Here's a real system built entirely with Claude Code, running on a working superyacht right now.

The Problem

Every charter: new guests, new restrictions, new preferences. You're writing menus by hand, formatting them in Word, printing PDFs that look amateur. Repeat guests get served the same dishes because you can't remember what you made six months ago. The preference sheet is a mess of notes in three different apps.

The Solution: A Complete Menu System

Built with Claude Code over a few sessions. No developer hired. No subscription. Here's what it does:

Eight Service Formats, One System

  • Guest Breakfast — a la carte suggestions with health benefits
  • Guest Lunch — seasonal, lighter, sophisticated
  • Guest Dinner — full tasting or a la carte
  • Guest Theme Night — specific cuisine or ingredient focus
  • Chef's Breakfast Suggestions — daily feature with wellness angle
  • Crew Lunch & Dinner — efficient, satisfying, distinct from guests
  • Kids Menu — same theme as adults, playful presentation

Cultural Touchstone Naming

The system enforces a rule: no generic cuisine names. Ever. Every menu gets a "Cultural Touchstone" — a name that triggers a place, a memory, a vibe.

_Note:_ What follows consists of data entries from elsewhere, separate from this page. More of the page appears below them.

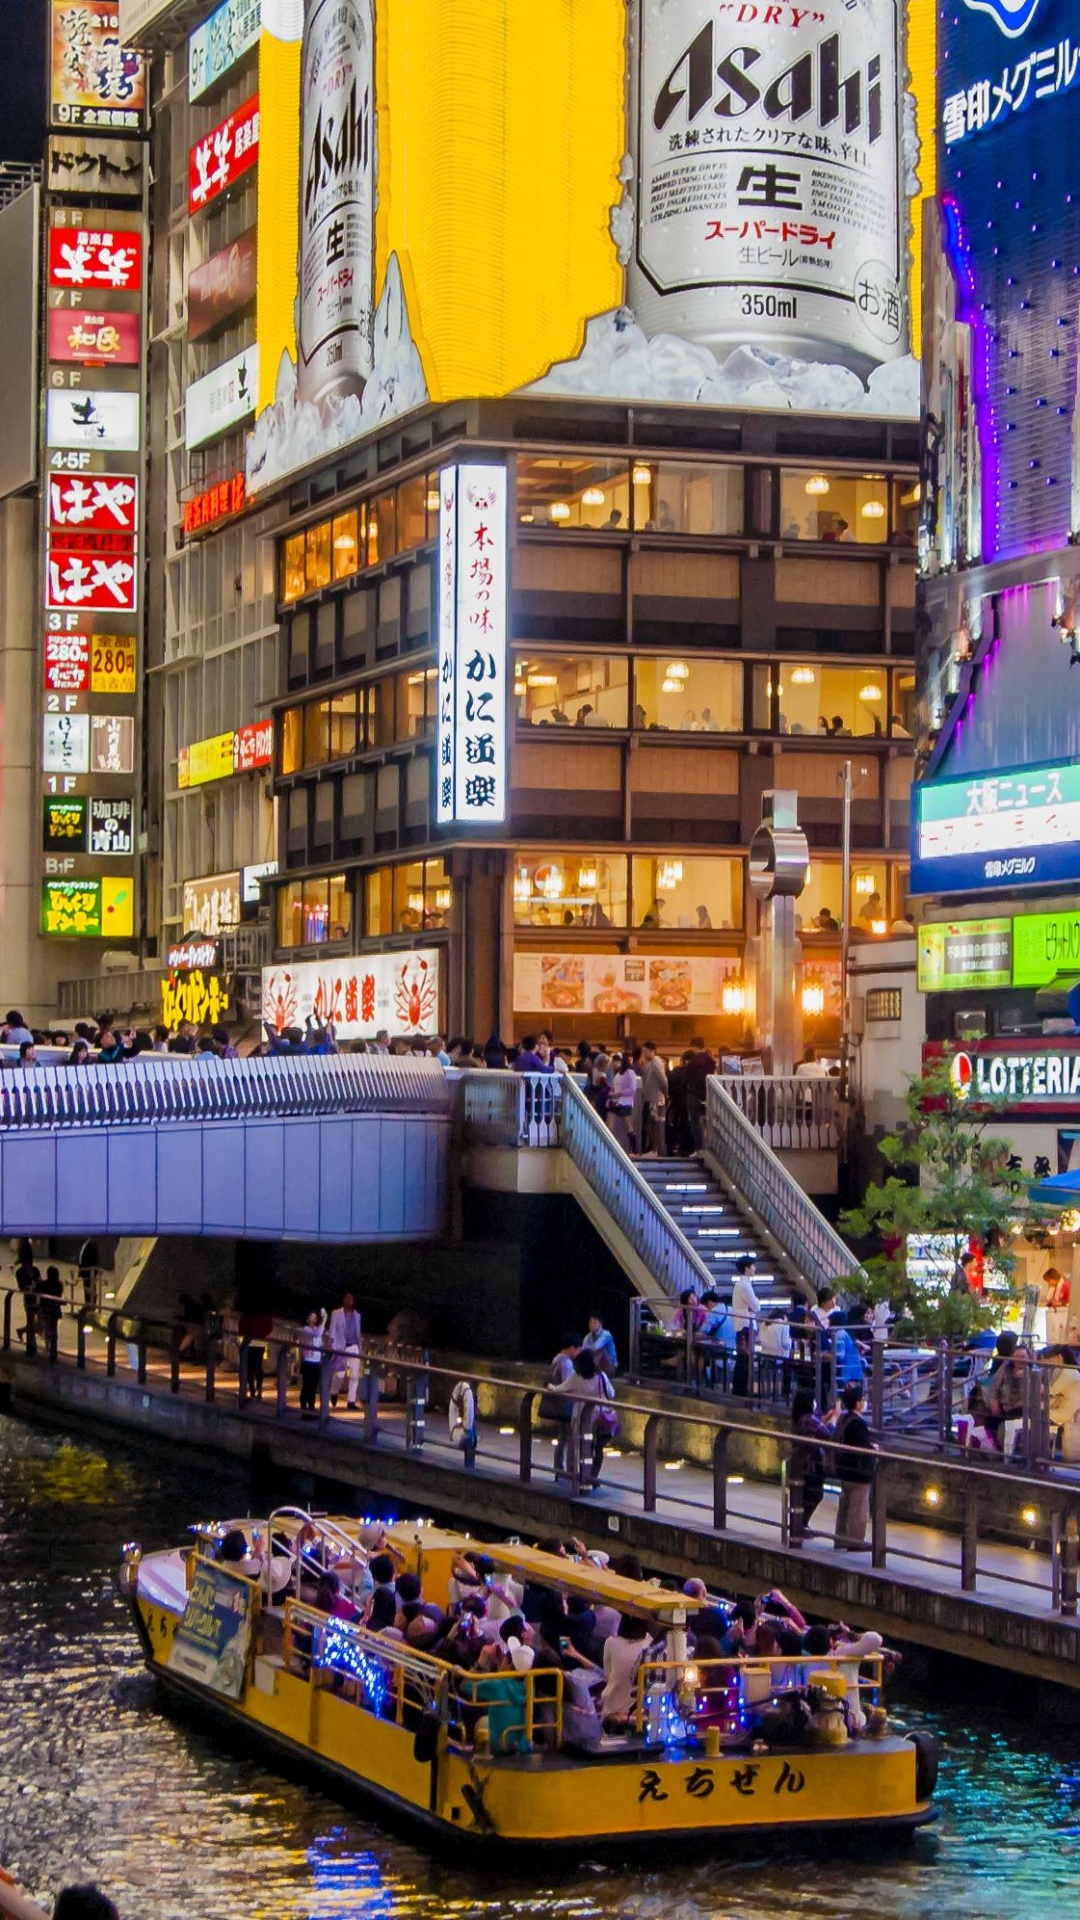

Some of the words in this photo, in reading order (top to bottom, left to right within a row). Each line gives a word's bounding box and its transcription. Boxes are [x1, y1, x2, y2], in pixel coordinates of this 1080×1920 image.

[653, 19, 882, 146] Asahi
[942, 38, 1080, 144] 雪印メグミル
[58, 103, 81, 123] 9F
[305, 77, 370, 218] Asahi
[672, 165, 697, 177] SUPER
[811, 179, 838, 191] ENJOY
[667, 192, 727, 209] INGREDIENTS
[736, 164, 803, 211] 生
[683, 202, 727, 214] ADVANCED
[811, 209, 840, 222] ASAHI
[326, 219, 345, 266] 生
[704, 220, 837, 250] スーパードライ
[742, 294, 798, 319] 350ml
[51, 479, 135, 525] はや
[50, 557, 134, 603] はや
[469, 522, 494, 634] 本場の味
[47, 644, 89, 662] 280円
[93, 648, 135, 674] 280円
[966, 772, 1063, 816] 大阪ニュース
[104, 818, 119, 832] の
[92, 829, 131, 851] 青山
[637, 1761, 806, 1803] えちぜん

Generic (Rejected) Cultural Touchstone (Used)
Italian Dinner Notte a Napoli
Mediterranean Lunch Mediterranean White Night
Spanish Night San Sebastian Pintxos Bar
Fried Chicken Better-Than-KFC Night
Nordic Dinner Noma Forest Kitchen

The system generates these automatically based on your ingredients and cuisine direction. You give it "sashimi-grade tuna, yuzu, shiso" and it comes back with "Tokyo Night Market" — not "Japanese Dinner."

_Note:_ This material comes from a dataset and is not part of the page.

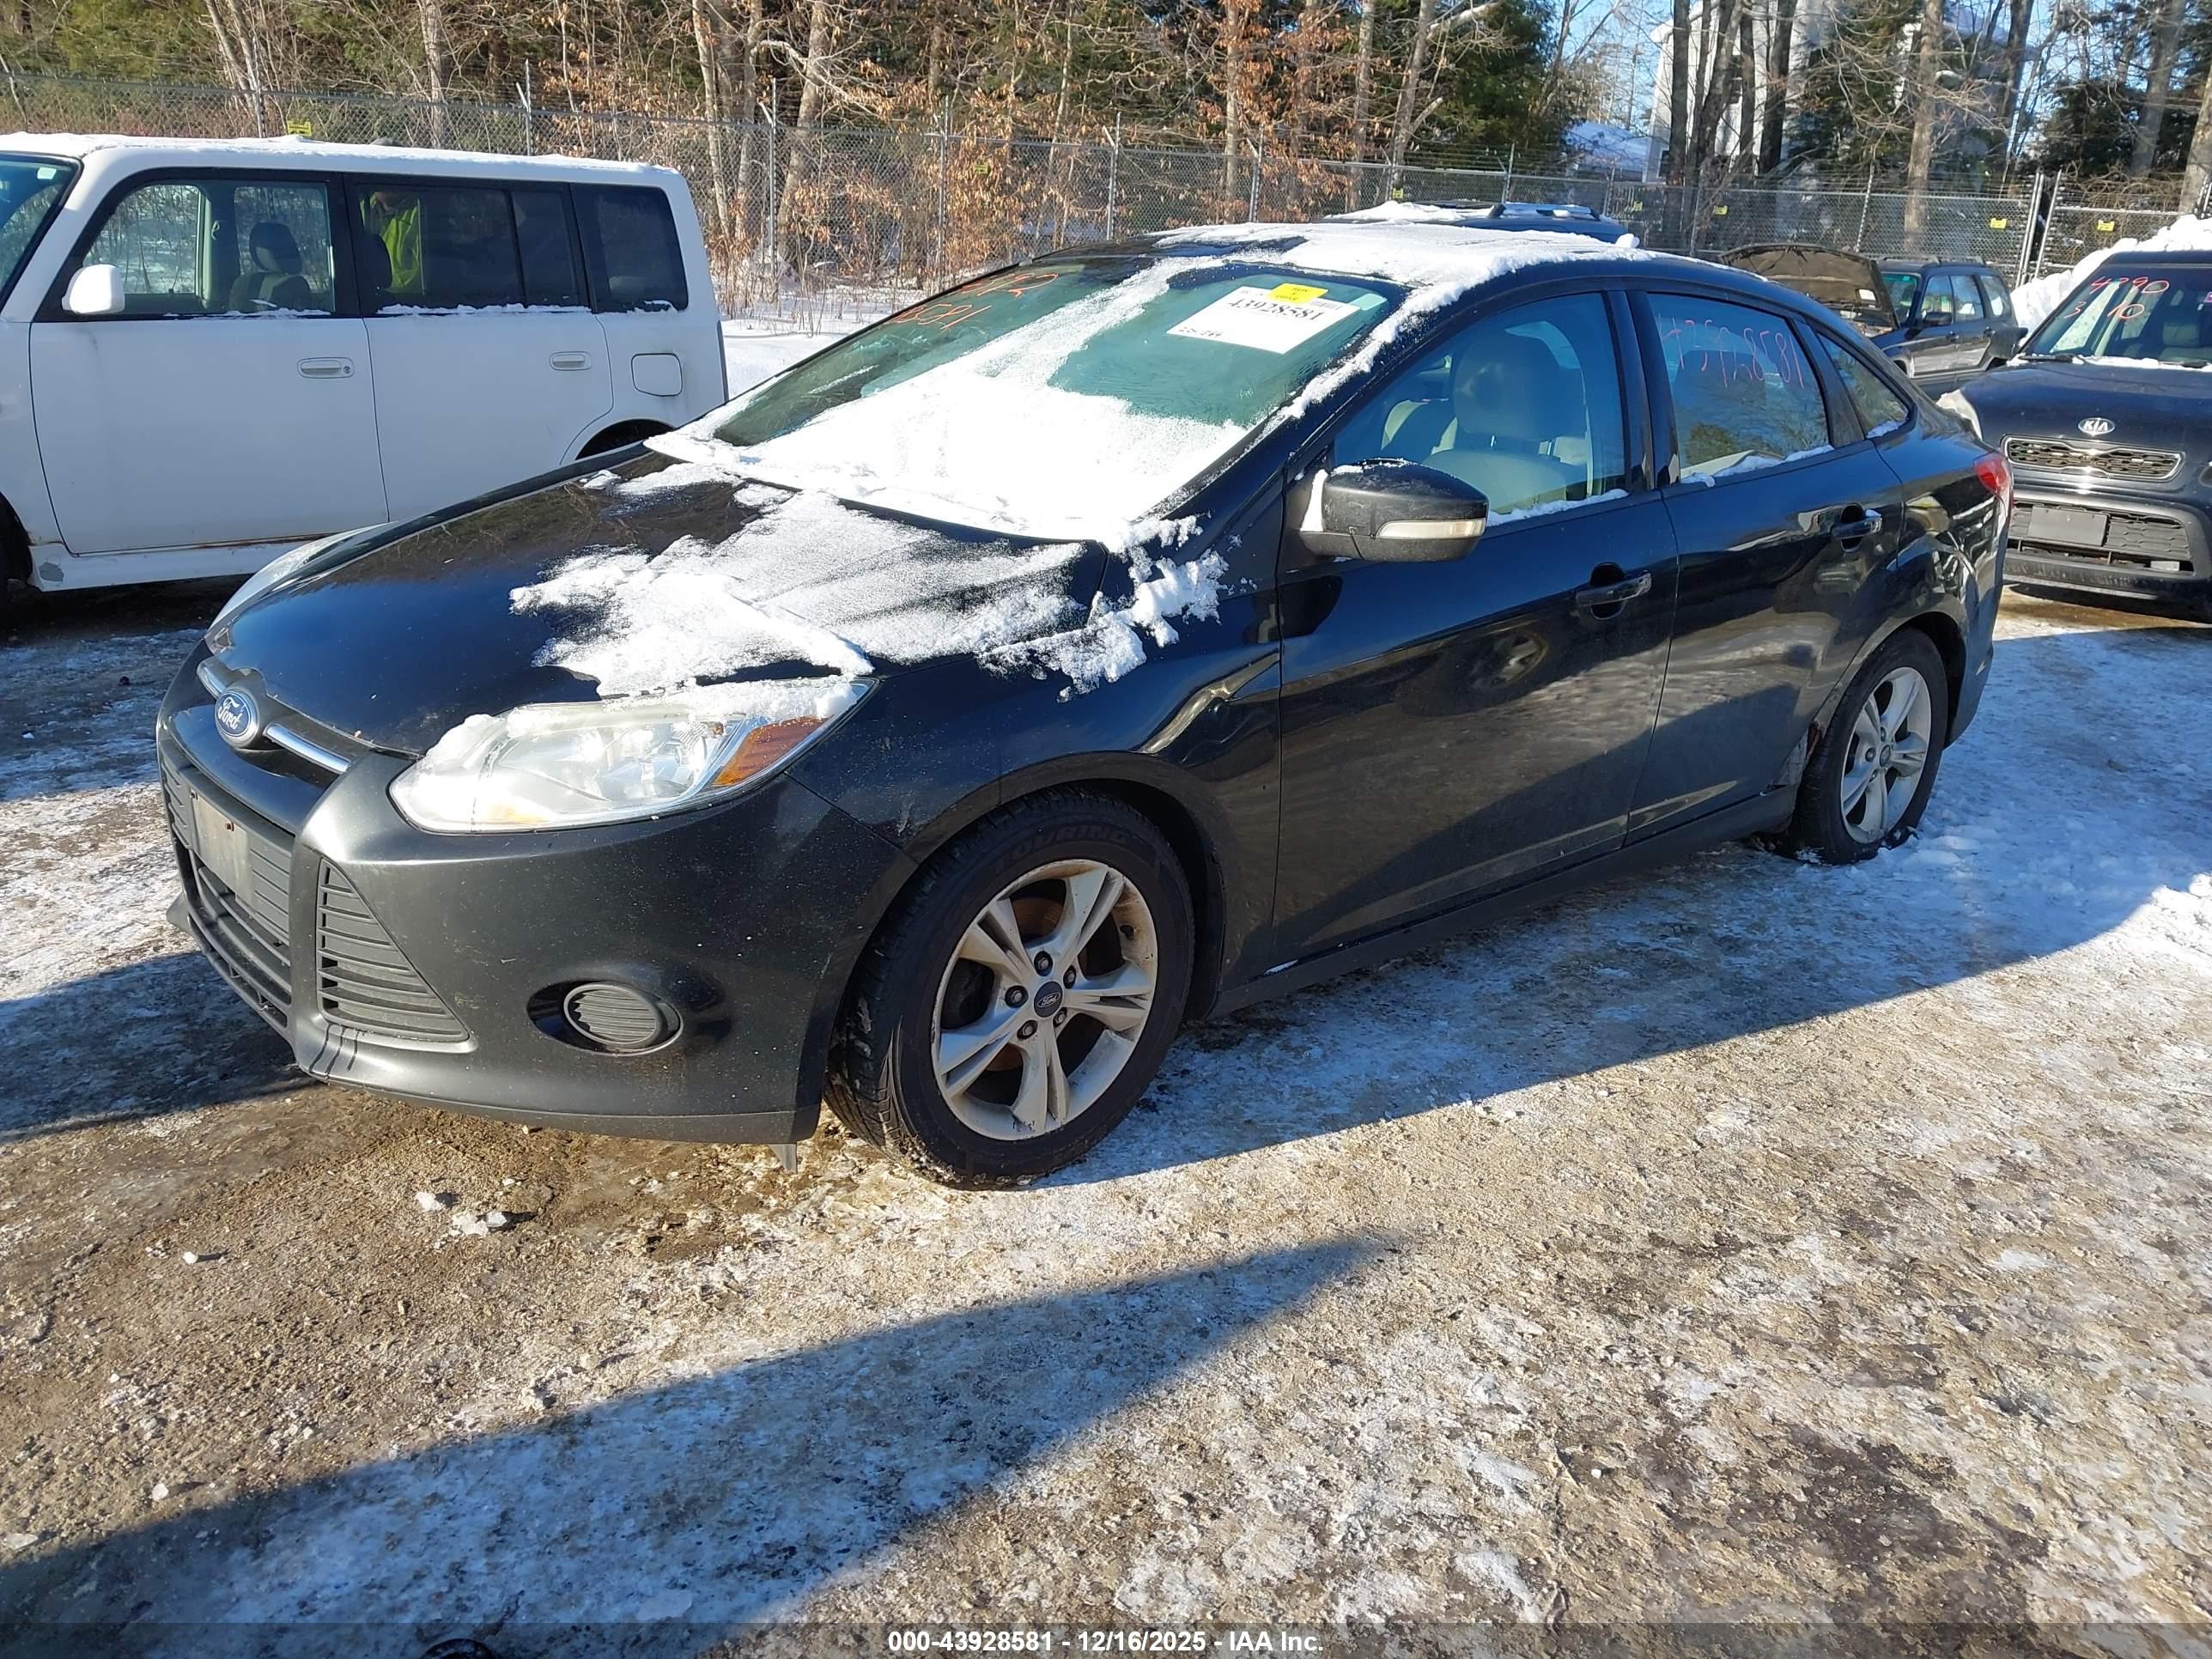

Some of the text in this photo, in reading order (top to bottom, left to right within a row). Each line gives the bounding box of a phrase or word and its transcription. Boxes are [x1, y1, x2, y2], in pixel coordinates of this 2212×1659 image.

[1227, 297, 1325, 321] 43928581
[2083, 419, 2109, 432] KIA
[217, 696, 243, 730] Ford
[1041, 994, 1058, 1006] Ford

What the Output Looks Like

This is what guests see. Clean, ingredient-first, no clutter. Two real examples from service:

NOBU SIGNATURE SMALL PLATES

BLACK COD MISO

Sustainably sourced black cod · sweet white miso · mirin glaze

YELLOWTAIL JALAPENO SASHIMI

Line-caught yellowtail · fresh jalapeno · yuzu ponzu

SPICY TUNA CRISPY RICE

Line-caught yellowfin tuna tartare · crispy sushi rice · wasabi aioli

CHICKEN ANTICUCHO

Free-range chicken skewers · red miso anticucho · scallions

SPICY EDAMAME

Organic edamame · shiso · sea salt · chili flakes

All proteins sustainably sourced. Winter 2026.

MEDITERRANEAN COASTLINE

Seafood Dinner

CRUDO DI BRANZINO

Wild sea bass · citrus · Calabrian chili · olive oil

GRILLED OCTOPUS

Charred octopus · fingerling potatoes · capers · lemon

GAMBAS AL AJILLO

Sizzling prawns · garlic · sherry · smoked paprika

WHOLE ROASTED DORADE

Line-caught dorade · fennel · Castelvetrano olives · herbs

RISOTTO AL NERO

Arborio rice · squid ink · langoustine · bottarga

All proteins sustainably sourced. Winter 2026.

Every protein sourced. Not "branzino" — "Wild sea bass." Not "chicken" — "Free-range chicken." The system enforces this. Guests see where their food comes from. Transparency built into the menu card.

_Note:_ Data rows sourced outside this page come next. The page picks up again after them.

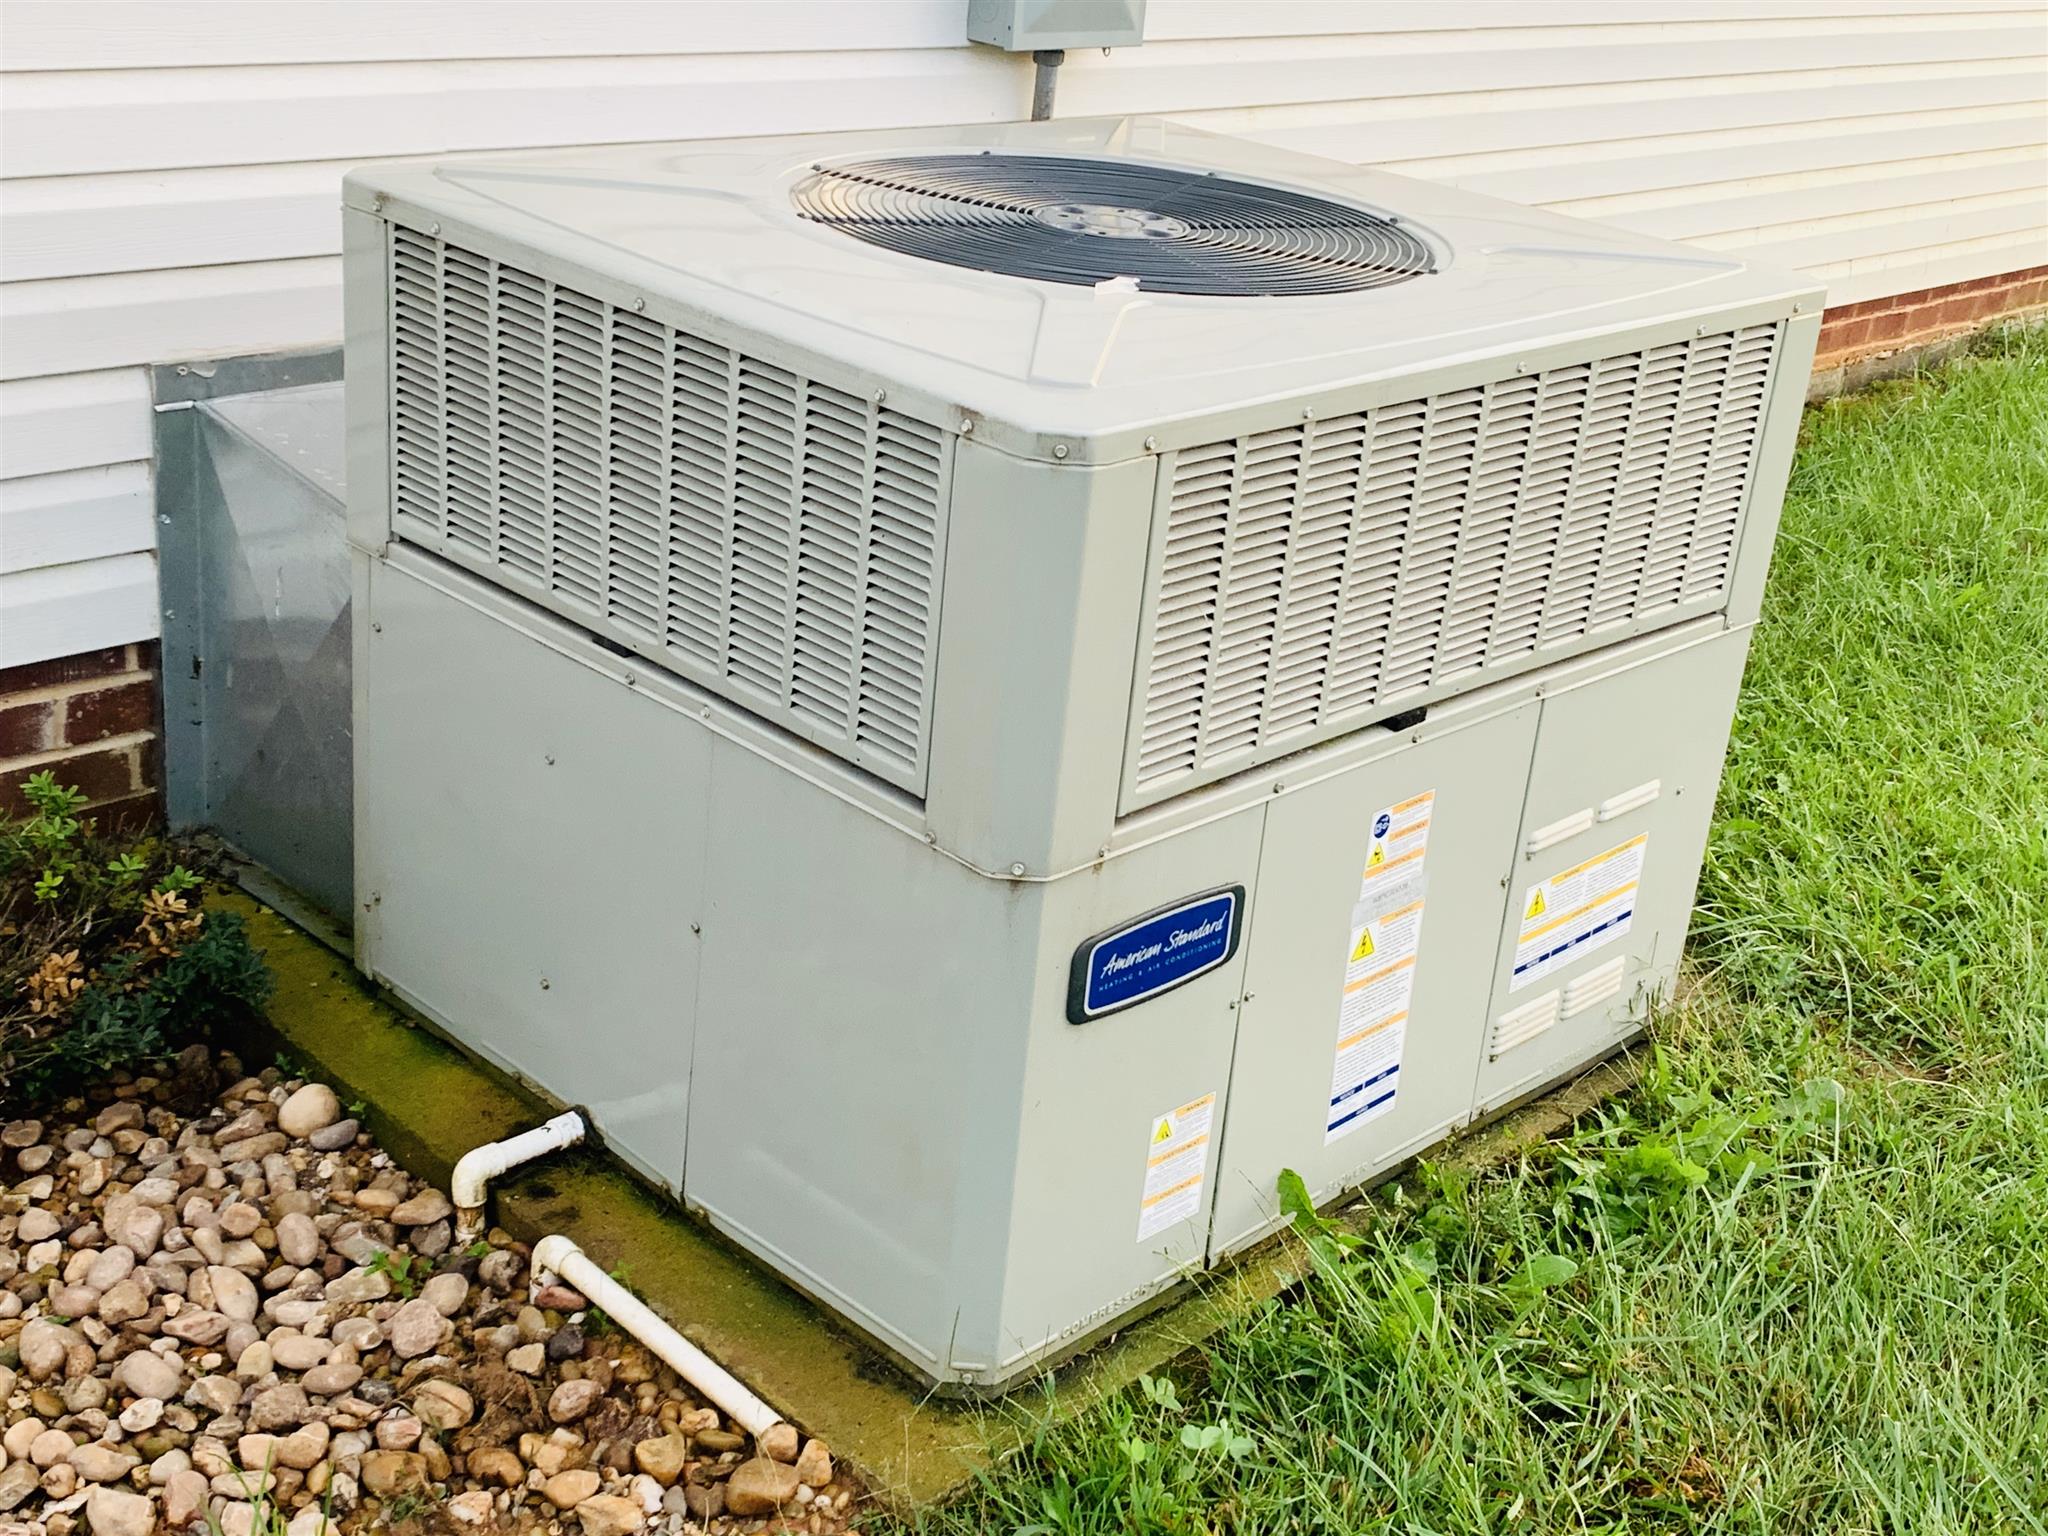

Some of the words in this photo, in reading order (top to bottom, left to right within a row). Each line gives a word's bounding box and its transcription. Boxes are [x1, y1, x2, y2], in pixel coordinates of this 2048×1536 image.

[1099, 973, 1133, 992] HEATING
[1148, 963, 1160, 972] AIR
[1165, 938, 1222, 966] CONDITIONING
[1100, 943, 1162, 979] American
[1164, 910, 1228, 952] Standard

The Nobu menu got the feedback: "Love Nobu lunch" — logged by the system, flagged as a favourite for that guest's next charter. That's the loop: generate, serve, capture, improve.

Production-Ready Output

The system generates LaTeX files that compile to print-ready PDFs. Each cuisine gets its own visual theme:

  • Italian — Palatino font, terracotta and gold
  • Greek/Mediterranean — Optima font, azure and white
  • Asian — Avenir Bold, obsidian and red
  • French — Didot font, noir and rouge
  • Kids — playful typography, rainbow colors, emojis

File naming is automatic: 2026-01-26_Guests-Dinner_Notte-a-Napoli.pdf. Every menu archived, searchable, never lost.

The Guest Archive Agent

Built with Claude Code. Solves the repeat-guest problem permanently.

At the end of every charter, you run one command: close-trip. The system:

  1. Archives every menu served during the trip
  2. Updates guest preference profiles with what they loved, what they left
  3. Builds an aggregated favorites index across all trips
  4. Flags dishes to avoid for returning guests

Next time repeat guests book? Pull their profile. The system knows she loved the Santorini Cliffside Dinner, didn't touch the octopus, asked for seconds on the lamb. It generates a new menu that respects history without repeating it.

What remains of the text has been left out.